Please help me understand this is asking and how to solve.
P(-2>Z and Z<-1)=
and
X~N(3,4). Find value c such that P(c<x)=.7
Thank You!
P(-2>Z and Z<-1)
or more commonly written as
P(-2 > Z <-1)
wants you to find the probability that the z-score of the normal binomial distribution lies between
-2 and -1
X~N(3,4) or X~N(3,2^2)
means X is normally distributed with a mean of 3 and a standard deviation of 2
These are common notations you should find in your text or in your class notes.
You must have been supplied with tables of the normal distribution.
If not you will find this applet extremely useful.
http://davidmlane.com/normal.html
What is the probability that the average lifetime of 25 bulbs would be no more than 1550 given mean of 1500 and standard deviation of 200 hours.
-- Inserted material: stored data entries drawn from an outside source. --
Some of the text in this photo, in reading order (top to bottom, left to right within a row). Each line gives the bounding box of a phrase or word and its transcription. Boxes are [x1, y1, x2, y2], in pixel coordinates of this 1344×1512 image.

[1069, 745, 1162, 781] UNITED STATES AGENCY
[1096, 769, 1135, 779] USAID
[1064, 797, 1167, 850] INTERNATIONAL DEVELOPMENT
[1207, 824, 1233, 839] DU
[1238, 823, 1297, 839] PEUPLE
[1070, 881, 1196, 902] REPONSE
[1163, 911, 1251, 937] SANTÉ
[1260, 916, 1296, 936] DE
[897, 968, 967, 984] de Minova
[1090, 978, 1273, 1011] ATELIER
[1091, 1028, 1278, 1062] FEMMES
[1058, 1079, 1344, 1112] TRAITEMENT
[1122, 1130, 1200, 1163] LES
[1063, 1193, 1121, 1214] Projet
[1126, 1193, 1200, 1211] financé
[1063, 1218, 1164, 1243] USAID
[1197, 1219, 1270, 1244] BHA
I know that it is asking P(x less than or equal to 1550), x is 25, u equal 1500 and sd is 200. I'm having problems getting to the final answer.
Thank YOu!
I will assume that you are working from "tables", so we need the z-score for 1550
z-score = (1550 - 1500)/200 = .25
look at
http://math.arizona.edu/~rsims/ma464/standardnormaltable.pdf
and find .25
(2nd page , find .2 in 1st column, then under .05)
to find .59871
which is the probability of your event.
The beauty of
http://davidmlane.com/normal.html
is that we don't even have to bother with z-scores.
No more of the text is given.